Exercise therapy is known to improve outcomes after stroke by promoting neuroplasticity and limiting secondary brain damage. In particular, early exercise has been shown to reduce infarct volume in models of ISC, possibly through neuroprotective mechanisms [9,10]. However, similar volume-reducing effects of exercise have not been consistently observed in ICH models, despite evidence of functional improvement [11,12]. This discrepancy raises the question of whether different molecular or circuit-level mechanisms underlie the benefits of rehabilitation in ICH.

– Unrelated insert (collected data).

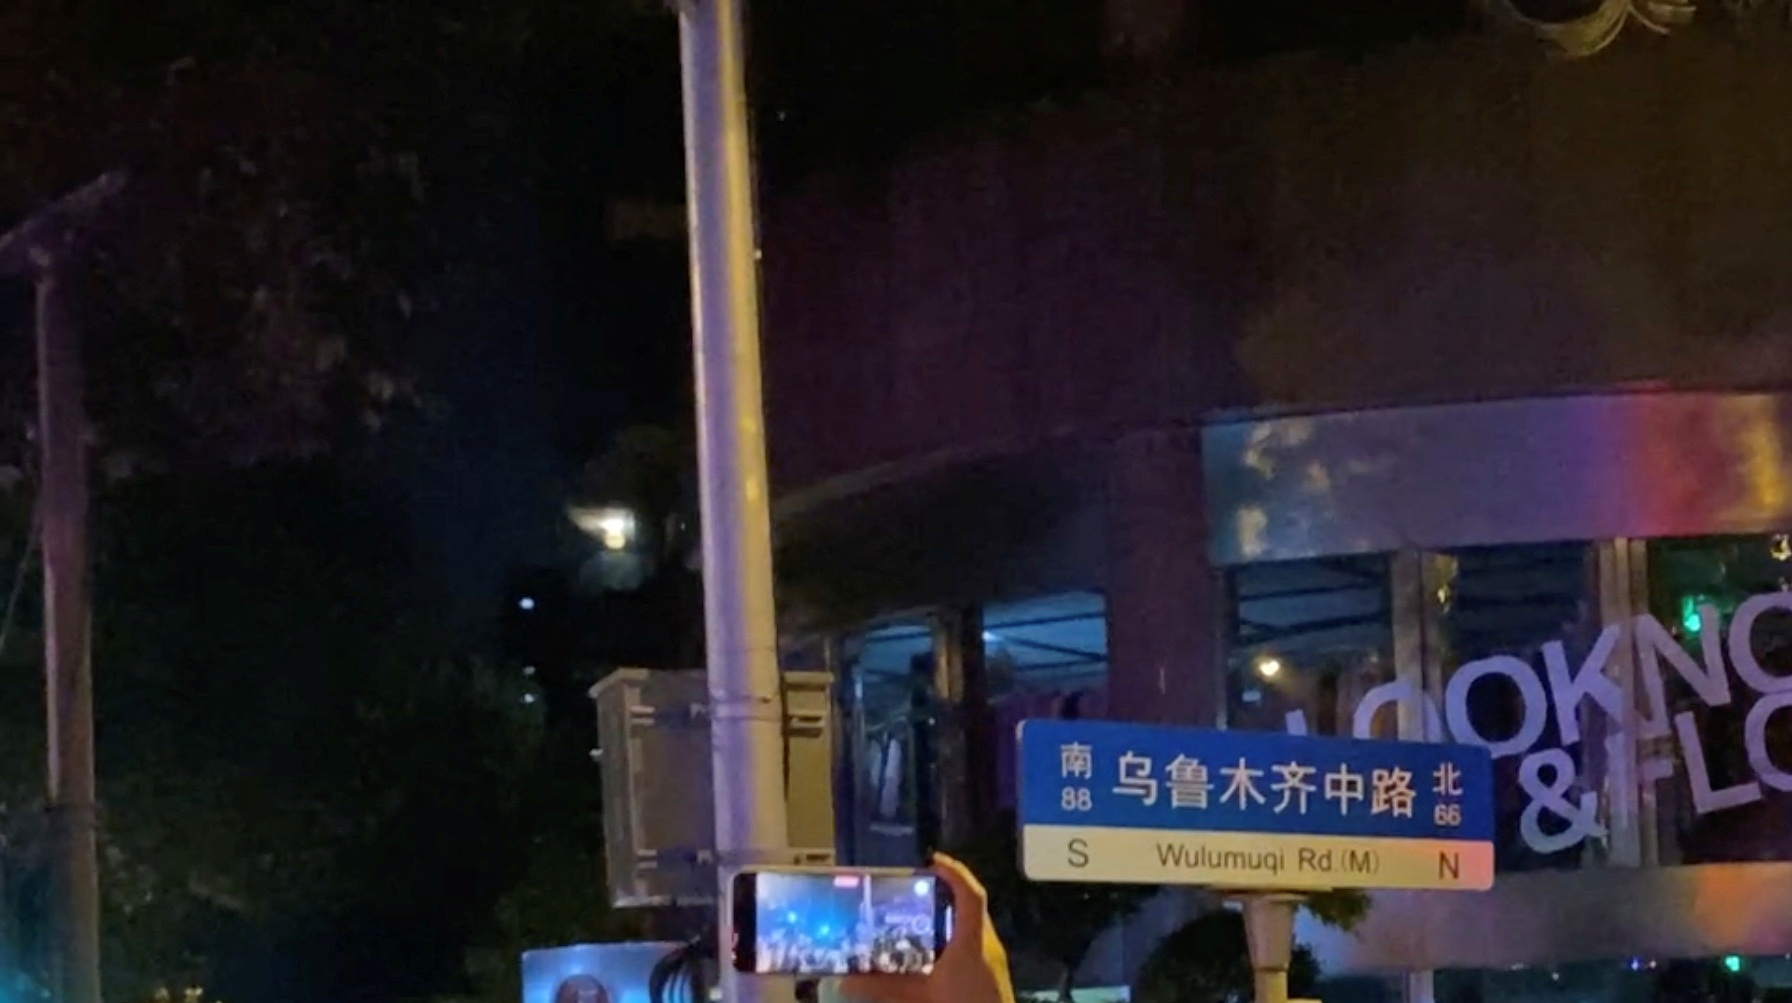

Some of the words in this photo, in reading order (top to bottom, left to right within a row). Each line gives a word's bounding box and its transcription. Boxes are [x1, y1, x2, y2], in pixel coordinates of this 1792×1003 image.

[1060, 742, 1092, 779] 南
[1112, 751, 1417, 818] 乌鲁木齐中路
[1432, 762, 1463, 796] 北
[1061, 786, 1092, 811] 88
[1518, 748, 1608, 854] &
[1434, 804, 1462, 826] 66
[1067, 838, 1089, 868] S
[1157, 843, 1284, 876] Wulumuqi
[1439, 852, 1460, 880] N

Dopamine, a key neuromodulator, is critically involved in motor control, motivation, and synaptic plasticity. Experimental evidence has shown that dopaminergic signaling contributes to neurorehabilitation by facilitating synaptic remodeling and functional reorganization in the injured brain [13,14]. Importantly, the striatum is often affected in both ISC and ICH, making it a relevant region for comparing dopaminergic responses to rehabilitation interventions.

Based on these findings, we hypothesized that the mechanisms of exercise-induced recovery differ between ISC and ICH. In ISC, exercise may reduce lesion volume and improve functional outcome through neuroprotective effects. In contrast, improvements in ICH may be driven by dopaminergic modulation of neural function rather than structural preservation.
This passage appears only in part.